Living with Seasonal Affective Disorder doesn’t have to be the downer its morose acronym suggests.
Every autumn as days grow shorter and sunlight wanes, some people’s mood takes a nosedive. They may call it depression, but it’s not. This downward spiral is known as autumn SAD, a disorder that persists until spring and the sun return.
A relative newcomer to the medical scene, SAD has been recognized only within the last 20 years. Unlike many other disorders, its trigger is well known. Dr. Nancy Low, a psychiatrist, assistant professor and staff clinician and researcher in the MUHC’s Mood Disorders program, explains what’s at work:
“We’re certain that SAD is tied into the seasons and the shift in light that begins in early fall. In countries lying close to the equator, its prevalence is almost zero. The farther away from the equator, north or south, the higher the incidence. In the U.S. SAD affects about one percent of the population; in Canada, about two percent.

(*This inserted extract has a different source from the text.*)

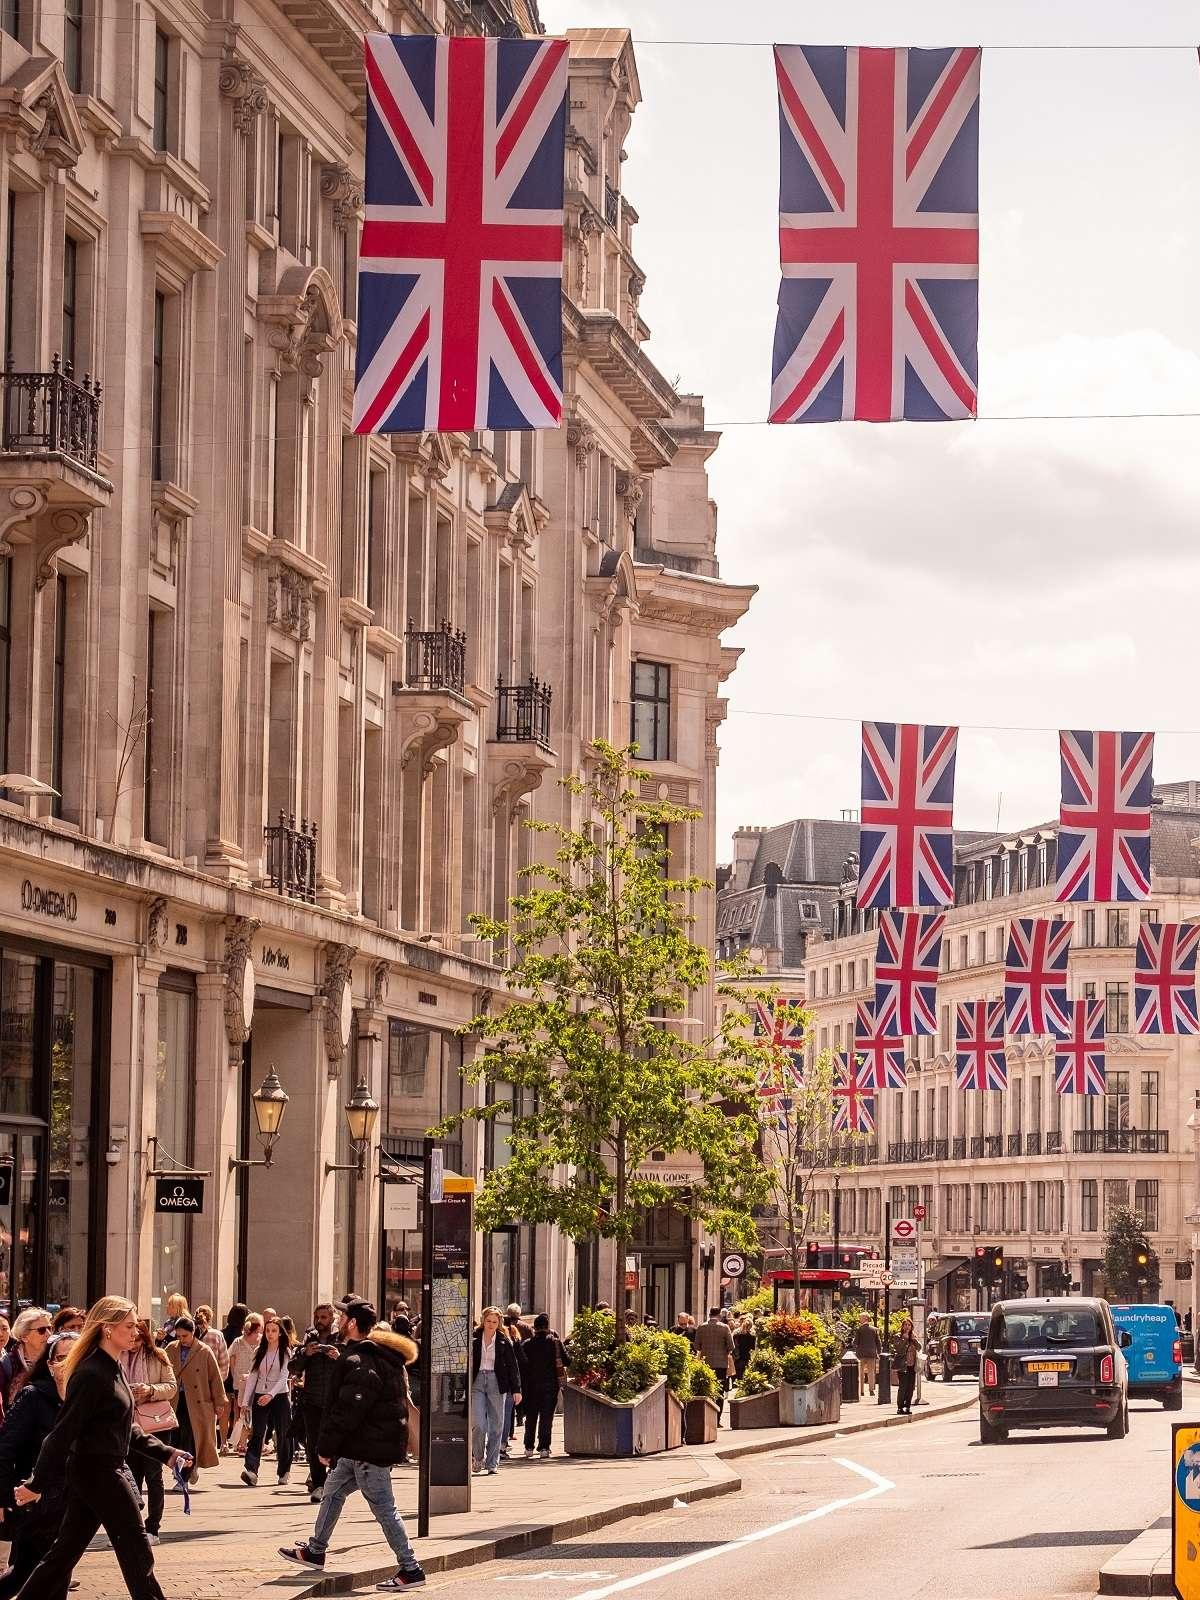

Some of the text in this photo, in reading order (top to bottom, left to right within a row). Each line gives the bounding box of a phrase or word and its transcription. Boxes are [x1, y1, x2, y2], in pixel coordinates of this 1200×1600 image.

[633, 1172, 661, 1183] ANADA
[159, 1197, 199, 1207] OMEGA
[862, 1261, 885, 1269] Piccadi
[1114, 1313, 1167, 1323] aundryheap

“Every cell of the human body has an internal clock specific for work the cell does, which we call its circadian rhythm. Our bodies are very sensitive to light and shifts in those rhythms. Researchers suspect that an abnormality in the circadian function of brain cells is related to our perception of light and that’s what accounts for the change in mood as fall gives way to winter.”
Women 4 to 1
Women are about four times likelier than men to get SAD. It suggests that female hormones play a part, as the odds are equal for everyone before the age of 16, then even out again after 55. SAD generally occurs in the thirties or forties. If you’ve been diagnosed with depression you’re more vulnerable. It’s not strictly hereditary, but if someone else in your family suffers from depression, that also increases your risk for SAD.

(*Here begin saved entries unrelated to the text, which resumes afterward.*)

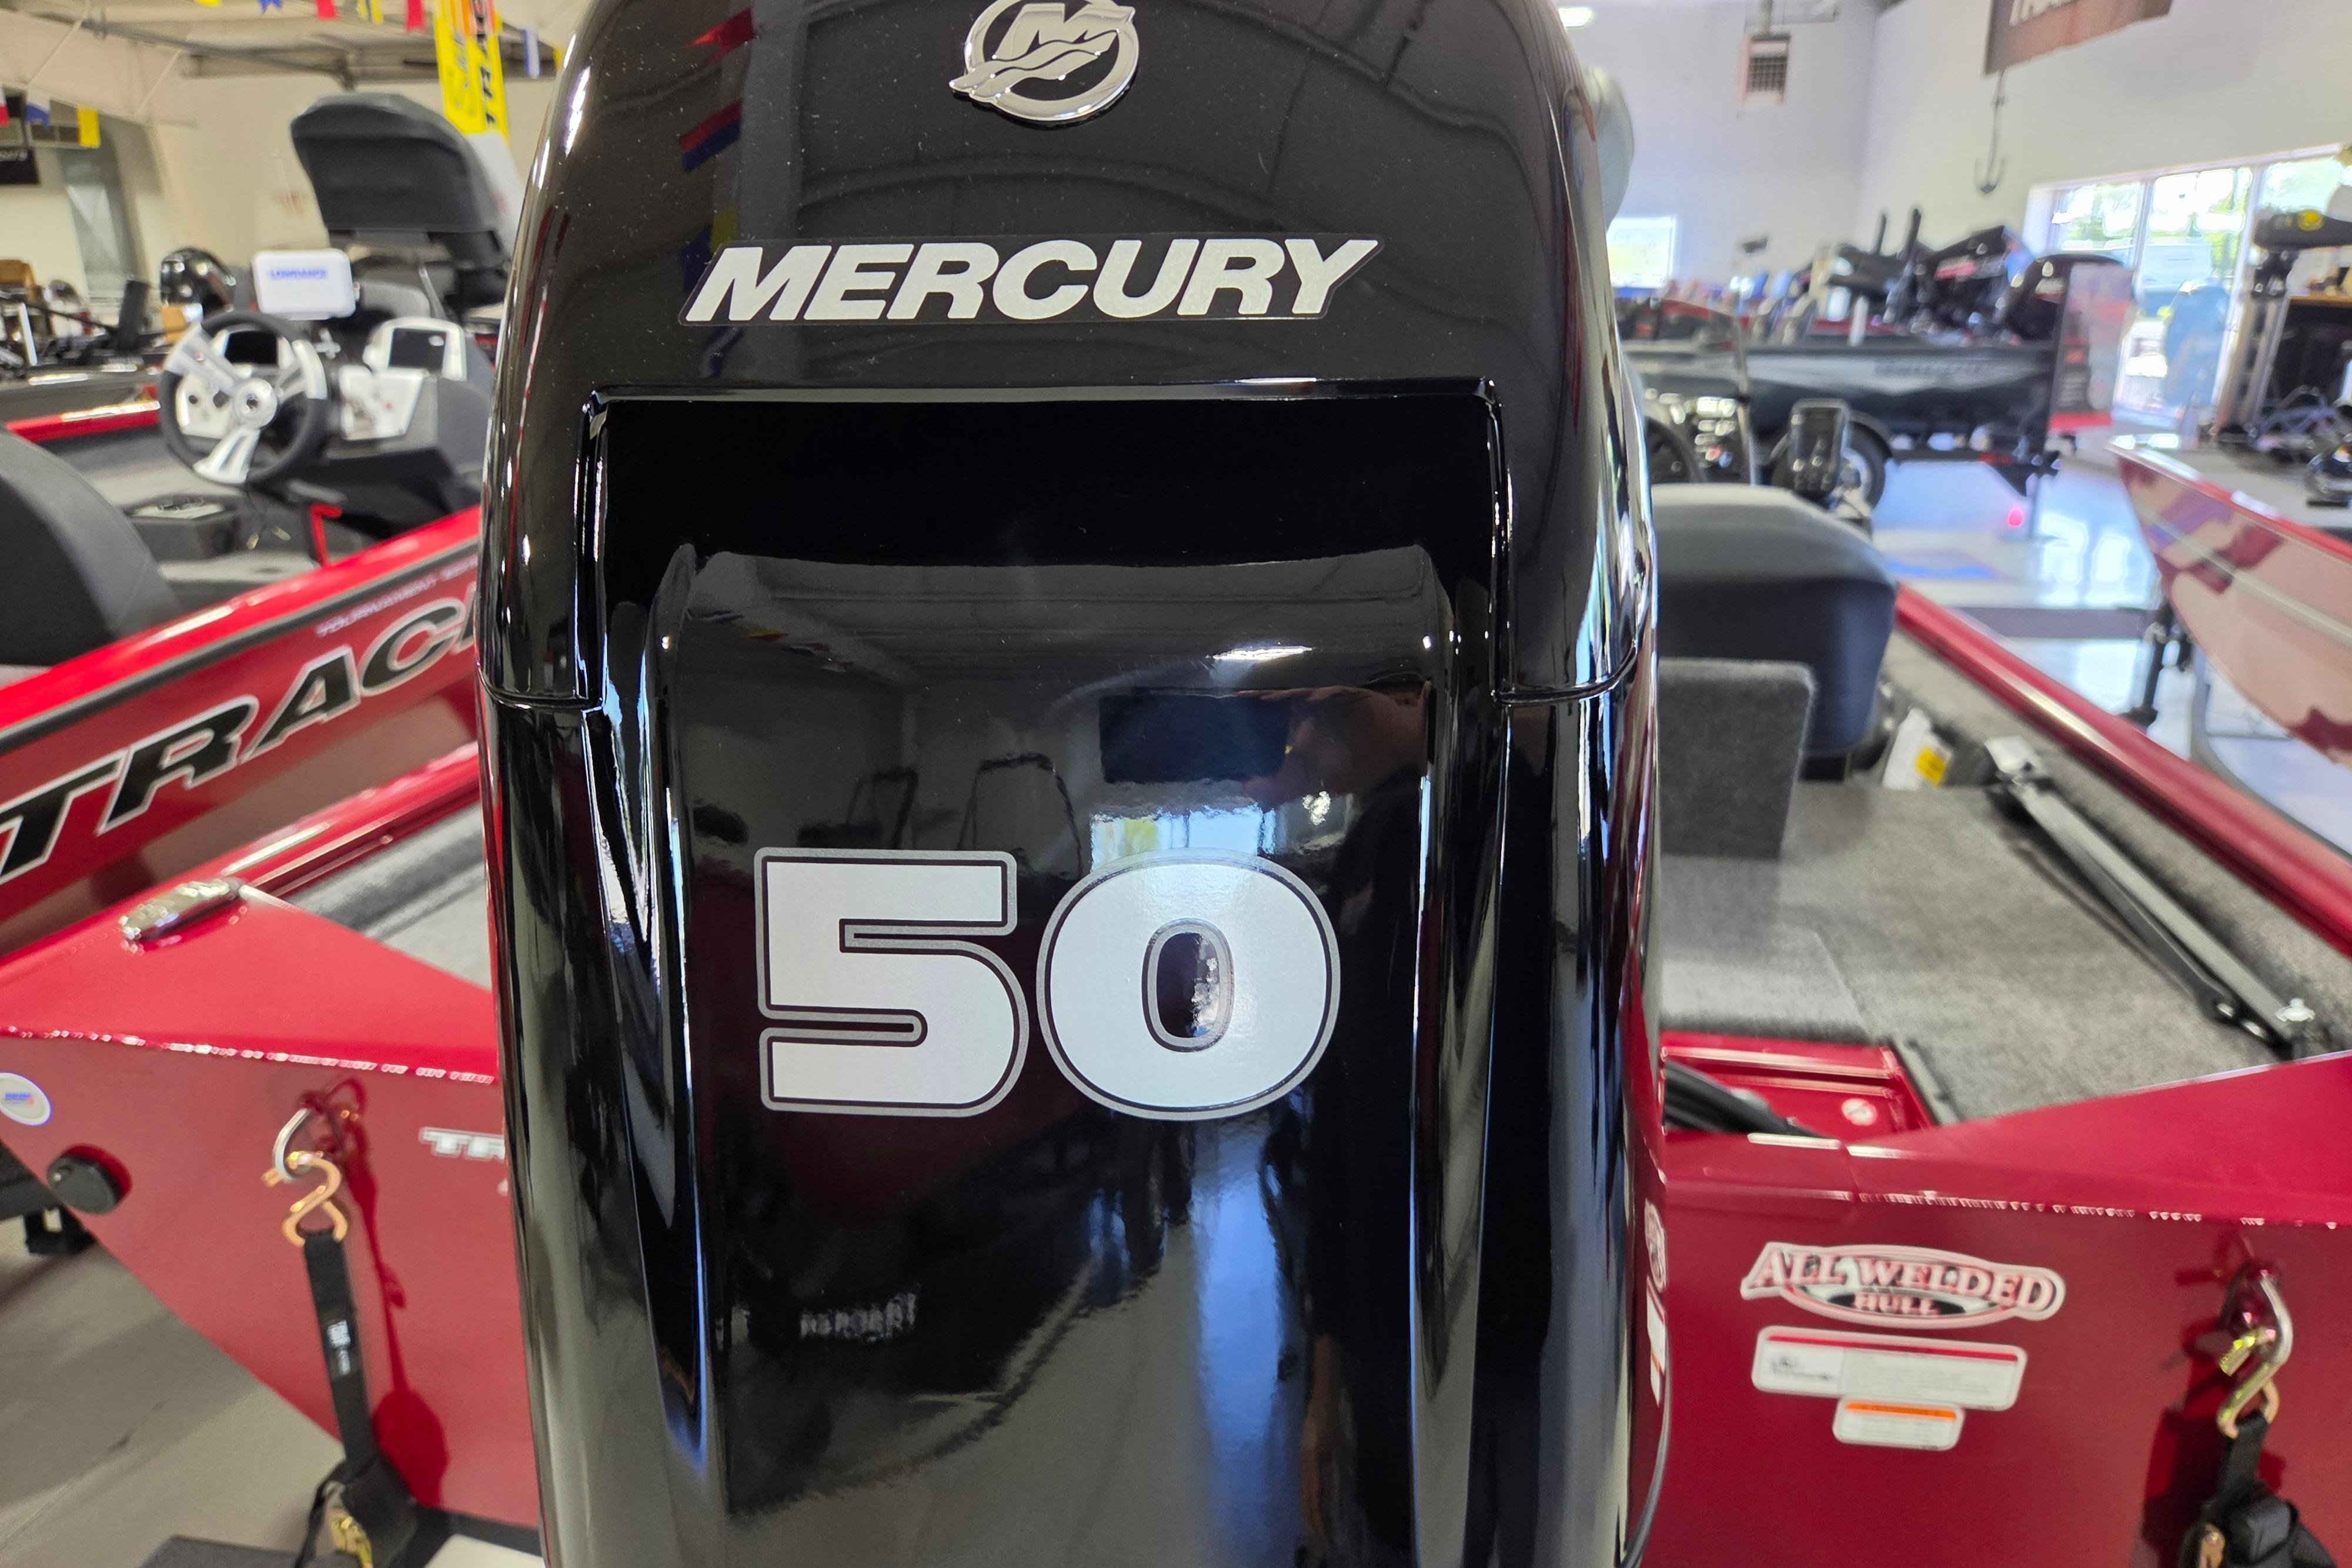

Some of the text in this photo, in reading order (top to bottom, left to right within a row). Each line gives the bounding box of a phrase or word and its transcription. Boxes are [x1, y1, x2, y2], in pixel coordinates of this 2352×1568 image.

[686, 239, 1378, 321] MERCURY
[0, 581, 478, 885] TRAC
[754, 847, 1341, 1121] 50
[1746, 1248, 2054, 1313] ALL WELDED
[1852, 1292, 1941, 1317] HULL

The Diagnostic and Statistical Manual of Mental Disorders (DSM) identifies SAD as a sub-type of depression. It feels a lot like it, but not exactly. Apart from the sadness, fatigue and lack of energy, there may be stomach aches and headaches. People find they eat more and especially crave carbohydrates, often gaining weight as a consequence. Two major differences: while those with SAD tend to sleep longer hours, they don’t have to cope with the insomnia typical of depression. Most important, neither are they plagued with thoughts of suicide.
The DSM also identifies SAD as a sub-type of bipolar disorder, one that reacts to the seasons. “It may seem strange at first, but in patients with bipolar autumn may trigger either depression, mania or hypomania,” says Low. “The Affective in Seasonal Affective Disorder just means mood, which can be high or low. People with bipolar can sometimes trigger a manic episode simply by traveling across time zones, which shifts their circadian rhythm. Holidaying on your own in hot countries can be dangerous if the time zone change triggers your mania and no one realizes what you’re usually like.” Low knows of worried parents who have sent detectives down to the Caribbean to find their ill adult children.
You may have heard of summer SAD. Some deem it a true diagnostic entity, a direct contrast to autumn SAD, wherein low moods are triggered by sunshine. Not everyone agrees, however, and that group includes Low. “All the reading I’ve done and the patients I’ve seen, if you really have SAD the problem should resolve itself during the summer. Some people mistake SAD for what we call an ‘anniversary reaction.’ A death or other negative life event occurs — it could be any season — and people regularly feel sad at that time. Having undiagnosed symptoms can rob your life of pleasure. That’s why it’s important to be diagnosed.” Your GP or a psychiatrist is the person to call.
See the light
There are several ways of treating SAD. Going outside won’t give you the intensity of light you need, but light therapy will. It’s simple and effective, a lamp about twice the width of a computer screen that you use at home. Sit about 18 inches away for half an hour a day in the morning, eyes open but don’t stare into it. Look for a lamp without ultraviolet rays and with an intensity of 10,000 Lux. Average price: around $250. Some companies allow you to try a lamp for two weeks, by which time you should know if the therapy is working. You need to continue the treatment until spring.
SAD can also be treated with antidepressants or cognitive behavioural therapy.
“Living with depressive symptoms for a good part of the year, you lose interest in the things you once enjoyed,” says Low. “You avoid your friends, become less social and develop negative thinking patterns: ‘I’m not lovable, not worthy, I’ll fail at anything I try.’ Talk therapy can help you eliminate those thoughts before they become a permanent part of your personality.”
There’s also plenty you can do to help yourself. Being proactive is the key. Starting in the fall, sign up for an exercise regime and go at least three times a week. Socializing and being productive are important — join a book club, a walking group, a cooking class. If you love food, plan to try a new meal every week. And fall could be the perfect time to delay SAD’s impact by taking a warm-weather vacation.
Before anything, though, Low advises you to get diagnosed. “You may think you have SAD, but your mood could be due to another condition entirely — hormonal change, hypothyroidism, iron-deficiency anemia or even pregnancy.”
And if you do indeed have SAD, look on the bright side. It’s a problem you can do plenty to alleviate.